Genetic sequencing (testing) looks for specific inherited changes (variants) in a person’s genes. Genetic variants can have harmful, beneficial, neutral (benign/no effect), or unknown/uncertain significance (VoUS) on the risk of developing a given disease.

Genetic sequencing analyzes a small bit of saliva, or sometimes blood, to examine the DNA for mutations – defective genes.

MLD is an autosomal recessive genetic disease. Your affected loved one received one bad gene from mom and one from dad. Mom and dad must both be carriers to pass along a bad gene. Carriers have a good gene and a bad gene. There is a 50% (2 in 4) chance their child will be a carrier, a 25% chance ( 1 in 4) that the child will be affected, and a 1 in 4 that the child will be free form MLD and not a carrier (MLD cannot be passed on).
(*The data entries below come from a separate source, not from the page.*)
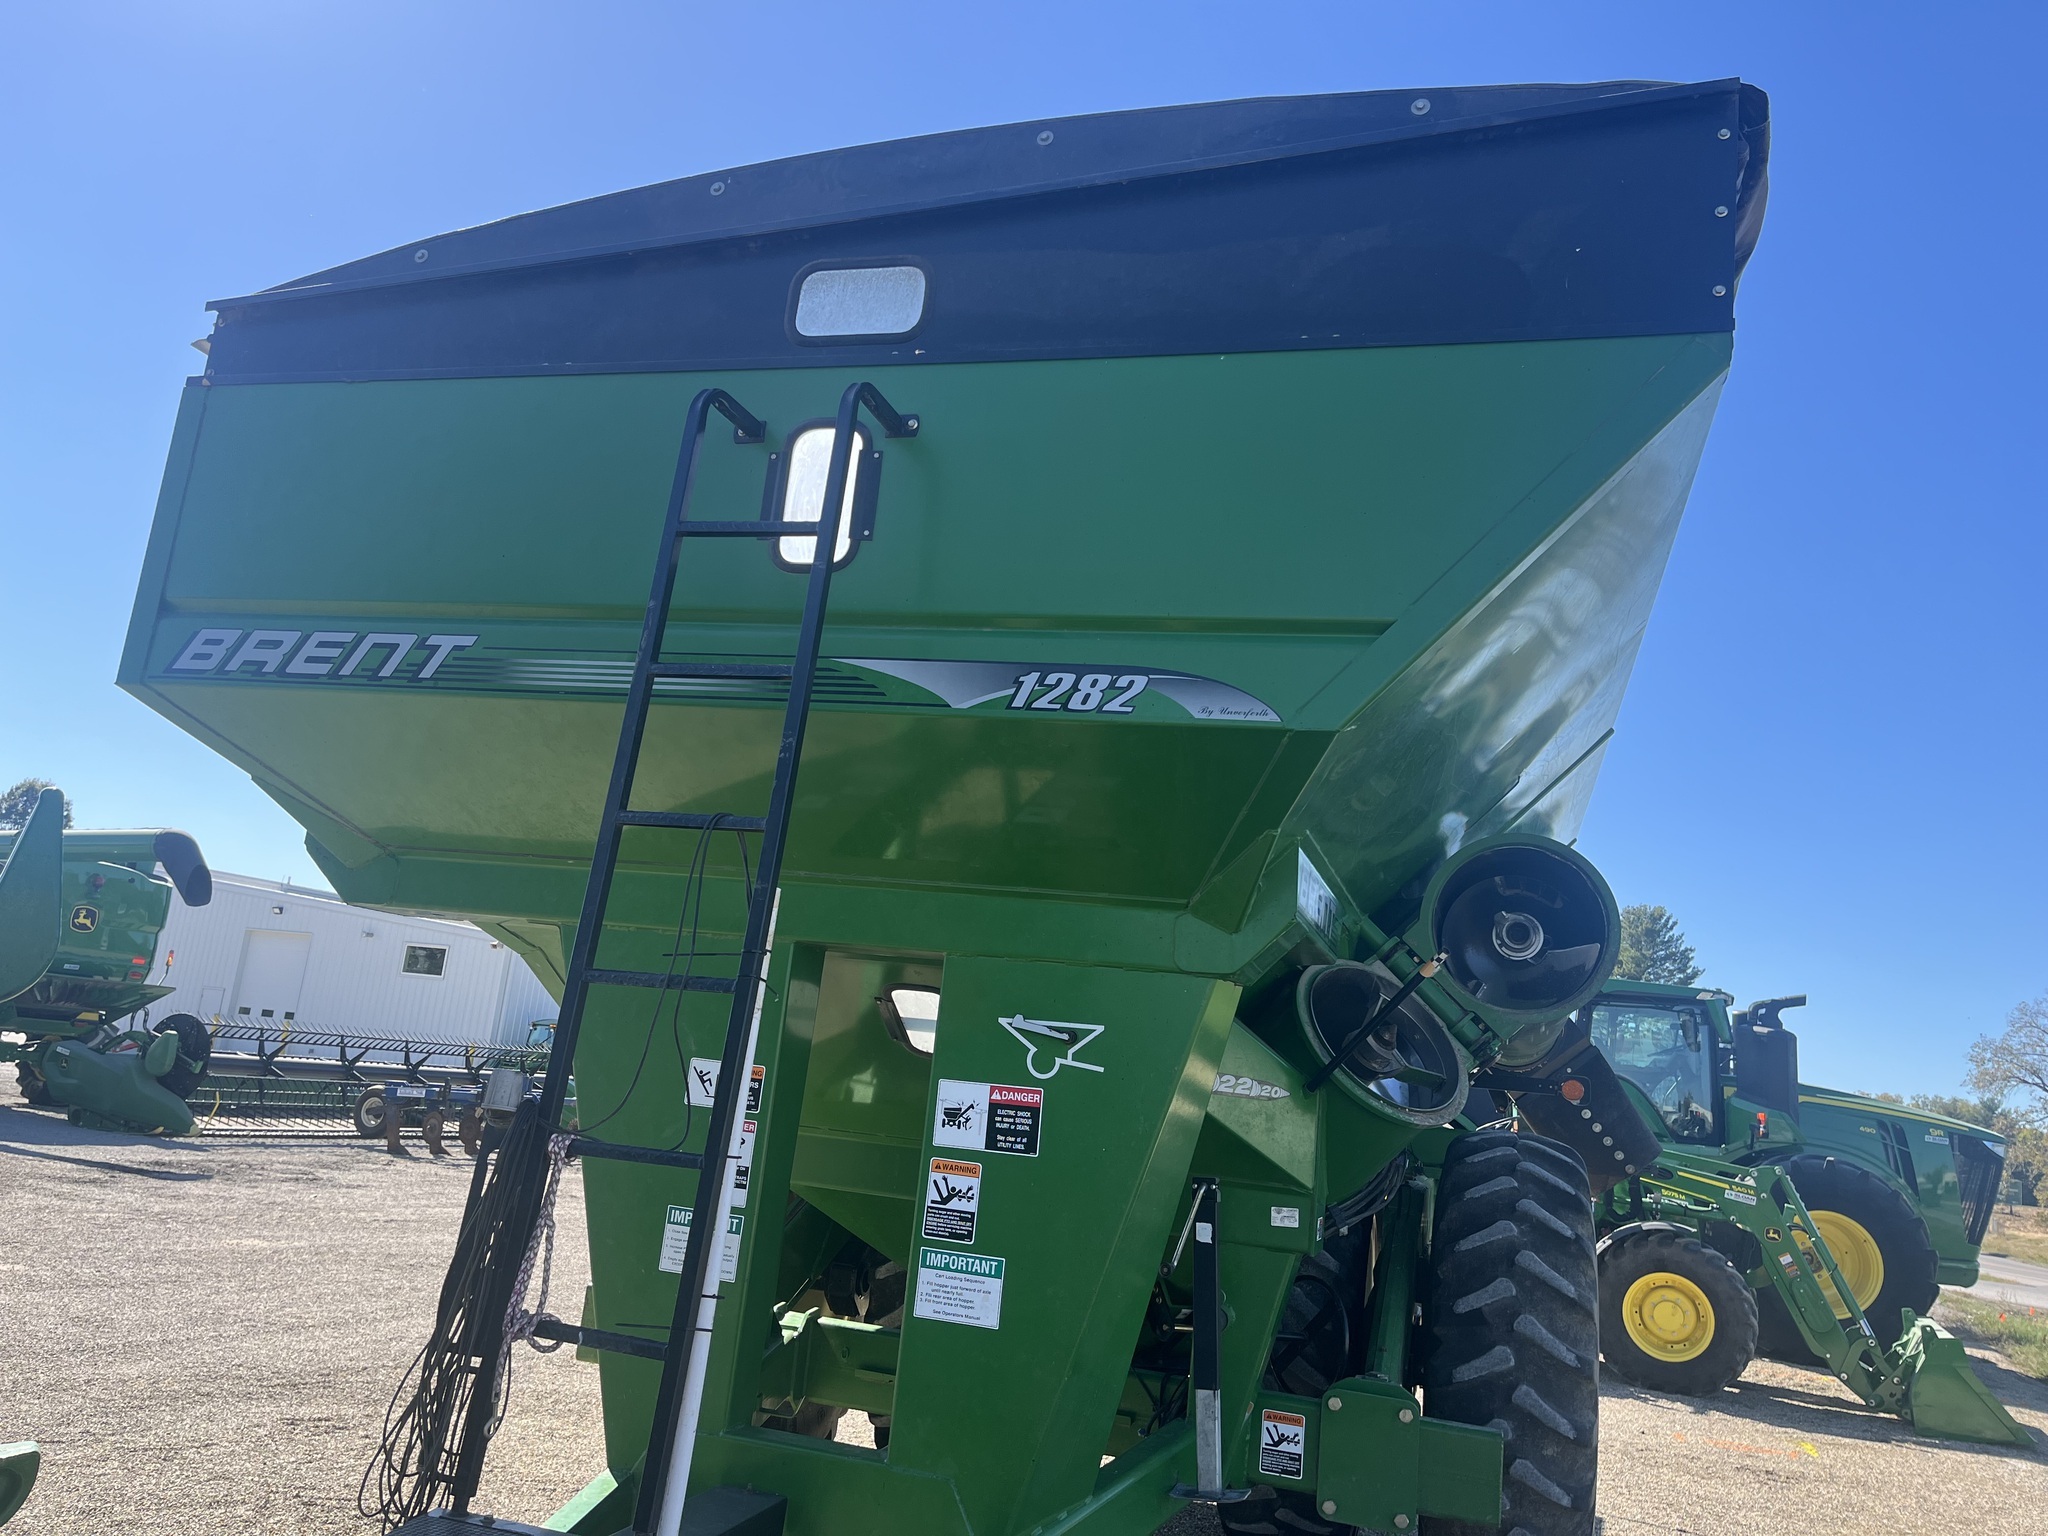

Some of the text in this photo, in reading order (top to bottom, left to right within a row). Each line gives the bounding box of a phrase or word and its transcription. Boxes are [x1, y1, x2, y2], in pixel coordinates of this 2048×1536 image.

[165, 628, 480, 681] BRENT
[1009, 671, 1149, 713] 1282
[1198, 706, 1214, 717] By
[1002, 1091, 1040, 1103] DANGER
[942, 1163, 977, 1174] WARNING
[926, 1252, 998, 1275] IMPORTANT
[1273, 1415, 1301, 1424] WARNING
Your DNA can mutate in many ways… causing the proteins (enzymes) to function improperly – or not at all.

• Missense mutation …  a change in one DNA base pair that results in the substitution of one amino acid for another in the protein made by a gene.
• Nonsense mutation … is also a change in one DNA base pair where the altered DNA sequence prematurely signals the cell to stop building a protein. This type of mutation results in a shortened protein that may function improperly or not at all.
• Insertion … changes the number of DNA bases in a gene by adding a piece of DNA. As a result, the protein made by the gene may not function properly.
• Deletion … changes the number of DNA bases by removing a piece of DNA. Small deletions may remove one or a few base pairs within a gene, while larger deletions can remove an entire gene or several neighboring genes. The deleted DNA may alter the function of the resulting protein(s).
• Duplication … consists of a piece of DNA that is abnormally copied one or more times. This type of mutation may alter the function of the resulting protein.
• Frameshift mutation … This type of mutation occurs when the addition or loss of DNA bases changes a gene’s reading frame. The resulting protein is usually nonfunctional. Insertions, deletions, and duplications can all be frameshift mutations.
• Repeat expansion … Nucleotide repeats are short DNA sequences that are repeated a number of times in a row. This type of mutation can cause the resulting protein to function improperly.
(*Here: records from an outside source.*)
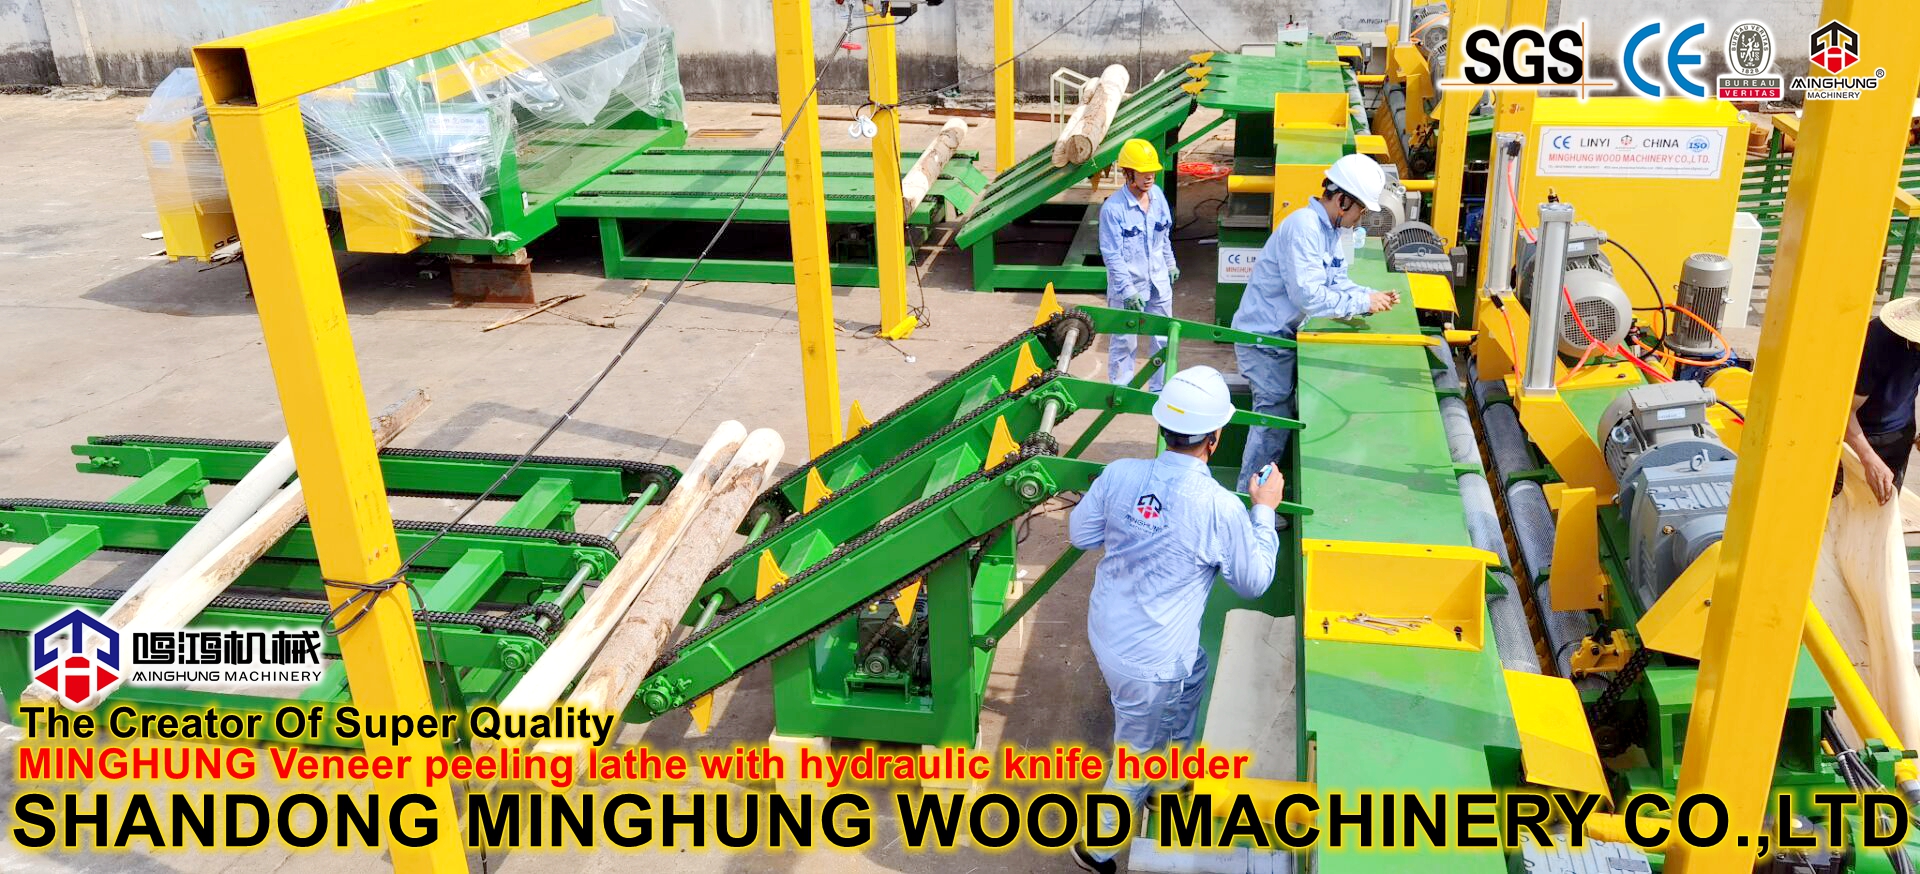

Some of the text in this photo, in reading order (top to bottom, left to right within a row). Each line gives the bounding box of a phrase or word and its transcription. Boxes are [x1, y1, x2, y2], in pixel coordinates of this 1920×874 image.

[1553, 135, 1572, 150] CE
[1580, 138, 1611, 148] LINYI
[1642, 138, 1680, 149] CHINA
[1688, 142, 1708, 150] ISO
[1548, 153, 1594, 162] MINGHUNG
[1595, 153, 1621, 163] WOOD
[1622, 153, 1674, 164] MACHINERY
[1228, 254, 1241, 264] CE
What is Genotype/Phenotype Correlation?

The genotype is the genetic makeup of an individual. The phenotype is the observable clinical, physical, or biochemical characteristics.
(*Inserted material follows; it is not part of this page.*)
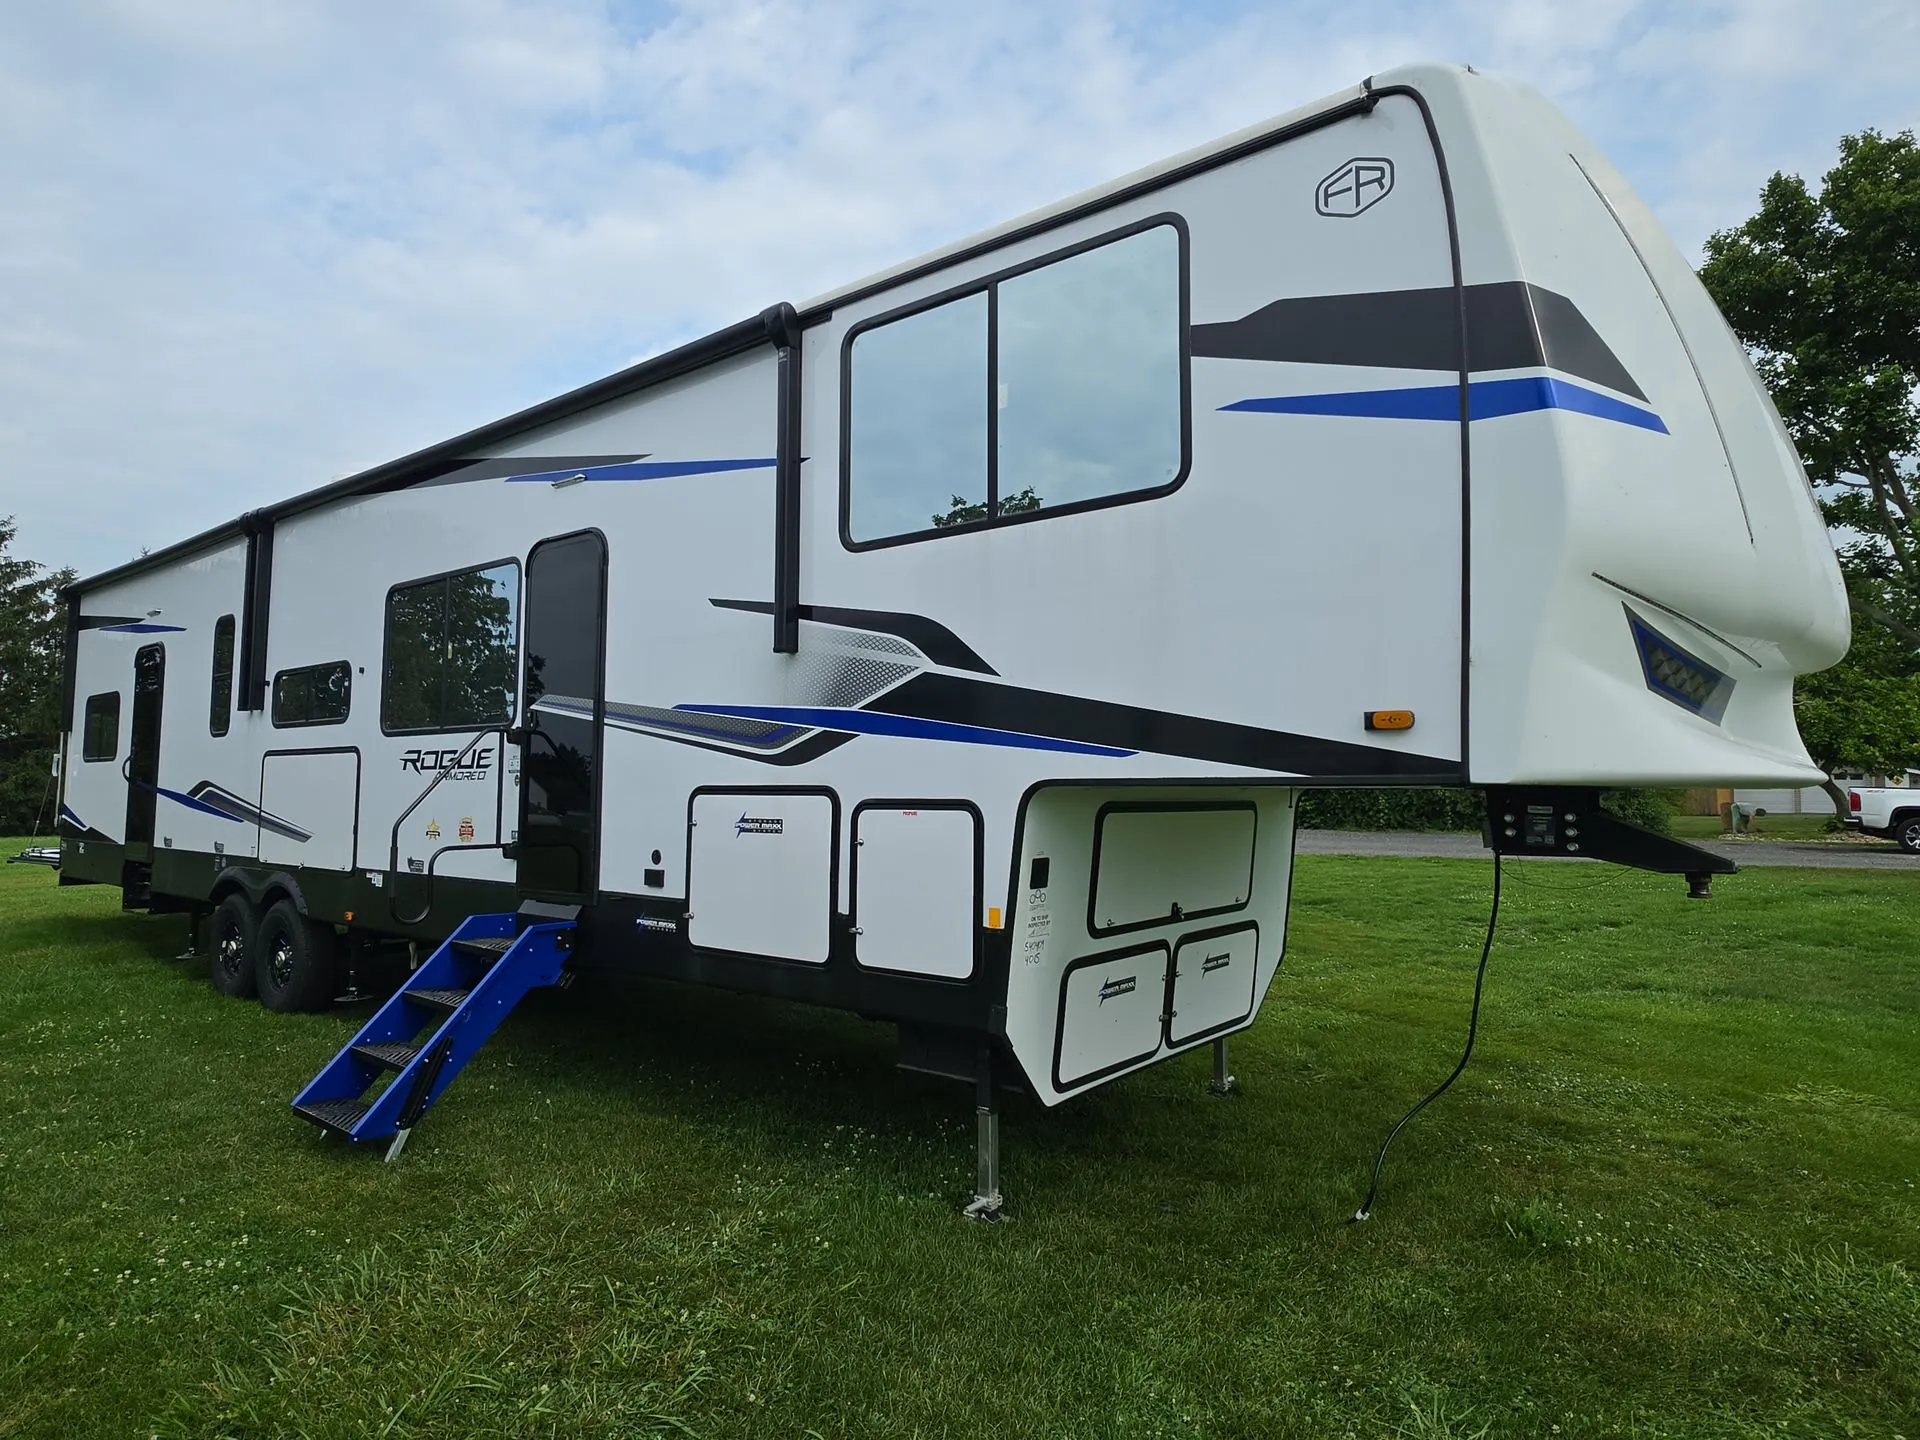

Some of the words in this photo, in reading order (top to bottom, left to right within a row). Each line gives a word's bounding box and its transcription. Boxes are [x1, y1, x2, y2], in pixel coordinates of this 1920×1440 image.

[400, 748, 495, 775] ROGUE
[636, 918, 658, 927] POWER
[658, 921, 677, 929] MAXX
A disease phenotype may be modulated by genetic and non-genetic modifiers. The correlation between genotype and phenotype is a statistical relationship that predicts a physical trait, abnormality, or progression in a patient with a given mutation or a group of similar mutations.* 

This means two individuals with similar genotypes may present and progress differently.  There is much to learn in this regard. Gathering patient genotype and phenotype (clinical presentation and progression) data is the key to improving our understanding of these correlations.

The Sequencing Report

The report you will get back will indicate which genes are defective, and what the experts, publications, and case studies know about the implication of those mutations.  Remember that there are over 90,000 combinations of mutations known to cause MLD.  Fortunately, a small number of those mutations are much more common (prevalent) than the rest so there can be greater insight if the mutations or the combination of the two mutations has been studied in other patients.  However, this also means that hundreds of the mutations and tens of thousands of possible permutations are not as well understood.

Please moderate your expectations until you see the report. Regardless of the ability to correlate genotype and phenotype, the report will be valuable for improving our disease understanding, and to identify carriers and potential at-risk individuals in your extended family.